YOUR GOAL: Restate each record word for word, from the first to the last.

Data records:

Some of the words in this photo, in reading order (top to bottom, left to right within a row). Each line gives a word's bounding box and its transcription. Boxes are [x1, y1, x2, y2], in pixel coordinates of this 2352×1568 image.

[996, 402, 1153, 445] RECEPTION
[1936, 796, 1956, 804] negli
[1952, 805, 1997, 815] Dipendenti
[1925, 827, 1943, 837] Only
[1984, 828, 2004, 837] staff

TASK SOLUTION:
Some of the words in this photo, in reading order (top to bottom, left to right within a row). Each line gives a word's bounding box and its transcription. Boxes are [x1, y1, x2, y2], in pixel coordinates of this 2352×1568 image.

[996, 402, 1153, 445] RECEPTION
[1936, 796, 1956, 804] negli
[1952, 805, 1997, 815] Dipendenti
[1925, 827, 1943, 837] Only
[1984, 828, 2004, 837] staff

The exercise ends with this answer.